Which is why I was so torn when taking a deeper dive into Ruby on Rails. At times, Rails feels like cheating… but it’s also addictingly fun.
So today I’m going to put my purist biases aside to explore Ruby on Rails e-commerce. In this post, I’m going to briefly explain what Ruby on Rails is, look at why it’s controversial, and finally explain the advantage of using Rails for e-commerce.
As an added bonus, I’m even going to show you exactly how you can build a Ruby on Rails e-commerce site using Refinery CMS. You’ll get a step-by-step look into how to:
- Create the Refinery site
- Integrate Snipcart’s shopping cart
- Make database migrations
- Define new inventory
- Build an e-commerce template
But first, a confession. I had never really given Ruby on Rails a fair shake because, to me, it was always summed up by two words:
Confusion and Controversy.
No, that’s not the name of my new retro-punk band (though that would be a killer name). Those are just two ideas that would always spring to mind whenever I read about Rails.

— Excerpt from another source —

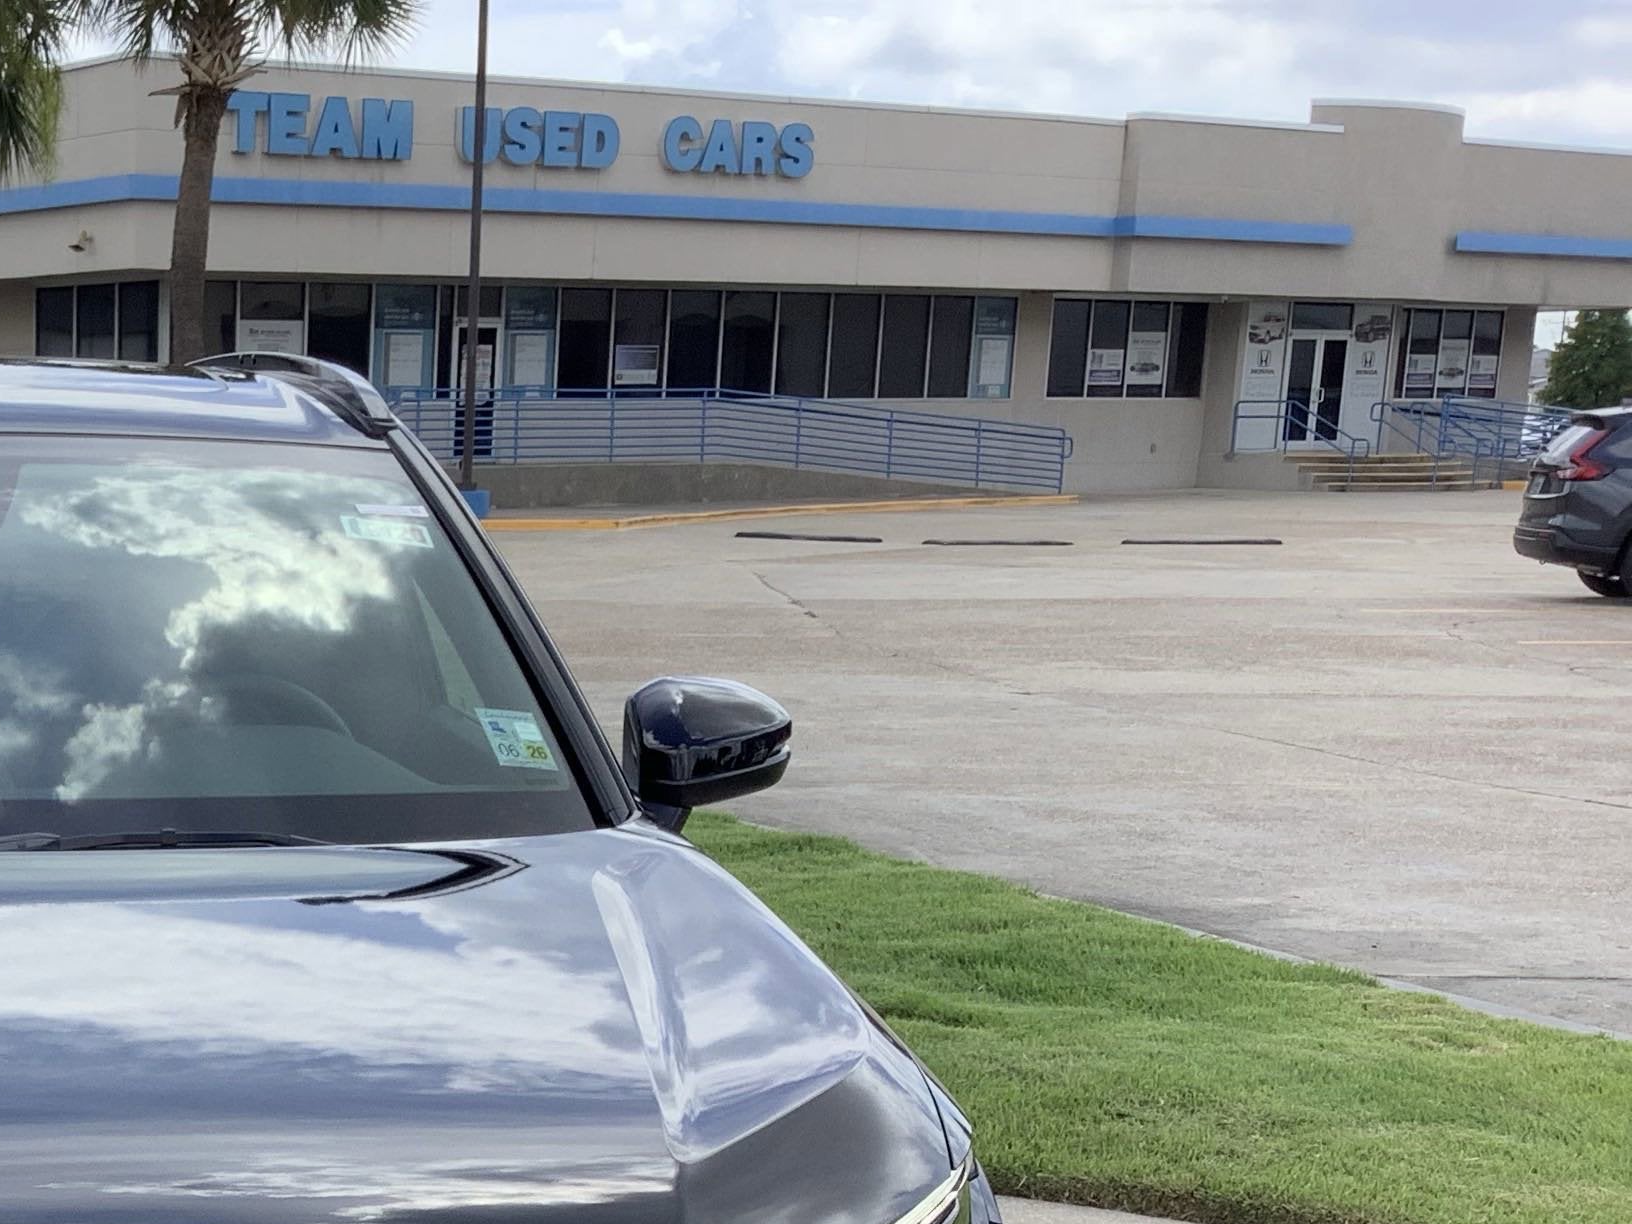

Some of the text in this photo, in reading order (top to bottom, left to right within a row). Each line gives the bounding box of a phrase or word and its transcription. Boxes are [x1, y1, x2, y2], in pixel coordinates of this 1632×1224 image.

[227, 91, 815, 179] TEAM USED CARS
[498, 743, 548, 760] 06 26
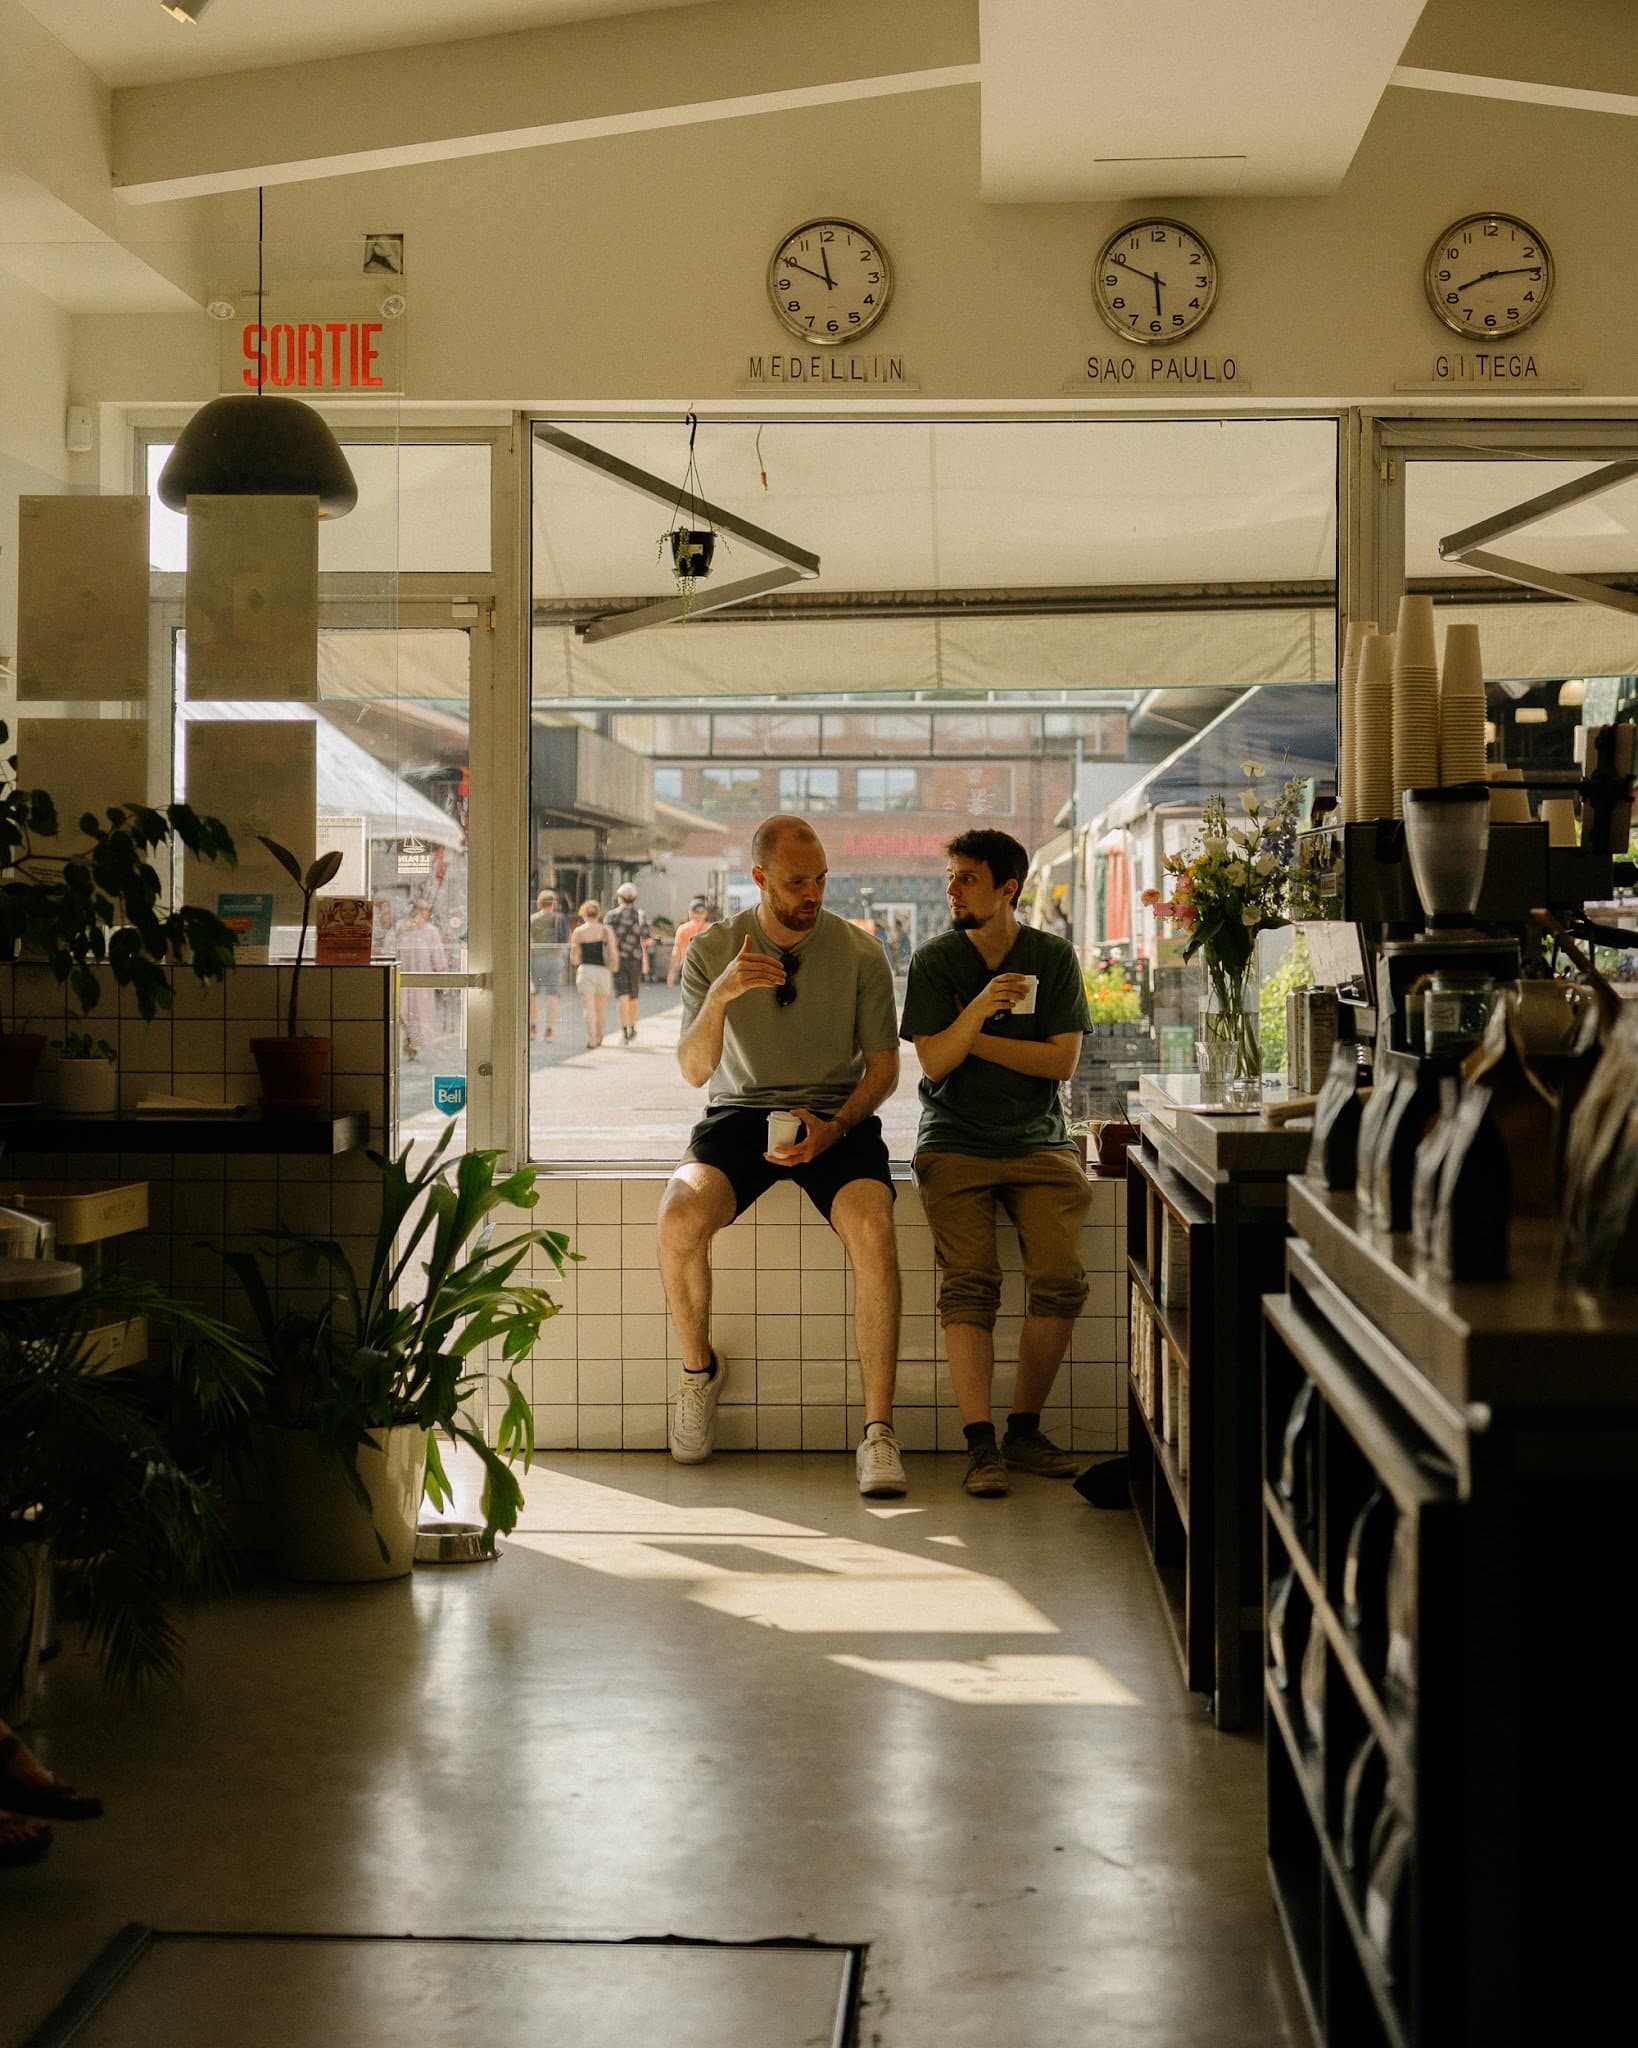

Confusion and controversy.
The confusion comes in because a lot of young, up-and-coming coders can’t seem to grasp the idea that Ruby and Ruby on Rails are two separate concepts. So just for the sake of clarity, let’s clear this up at the forefront: They’re different. Very, very different.
A few words on Ruby & Ruby on Rails
So how does a simple RoR definition get confused with Ruby?
Ruby and Rails are often taken hand-in-hand because of the framework’s initial and ongoing popularity. Since its creation back in 2005 by David Heinemeier Hansson (one of the brilliant minds that brought us Basecamp), the mighty powers of Rails have overshadowed the foundational language. But this popularity hasn’t gone without some criticism — which leads us to the….
…Controversy: The “No True Scotsman” Argument against Rails
Ok, so “controversy” might actually be too strong of a word here. If you’ve ever gotten lost reading through an endless spiral of coding forums (and let’s be real, we all have), then you’ve likely noticed that Rails has a lot of die-hard fans. They swear by it. In fact, one of Rails’ advantages is that it has a thriving and incredibly outspoken community.
It’s really the critics of Rails who make things interesting. I wouldn’t necessarily say a lot of programmers dislike it, they simply… dismiss it. For them, Rails is like “coding on training wheels.”
You see, many of Rails’ benefits are also its downfall: easy to learn, very forgiving, and a lot of things under the hood that you never really have to look at. Basically, critics think Ruby on Rails should be advertised with the following warning:
Not for true, hardcore devs.
Now, if you’re reading this as an avid Rails user, I know what you’re thinking, “Thems’ fightin’ words.” And yeah, I get it. After all, if you can build a Ferrari in your garage, who cares if the engine comes pre-built? You still got the Ferrari.
Both sides, it seems, have fair arguments. And it’s not my job to change anyone’s mind. What I will do, however, is find some common ground. Below you’ll see four indisputable reasons why using Rails for e-commerce is advantageous for devs.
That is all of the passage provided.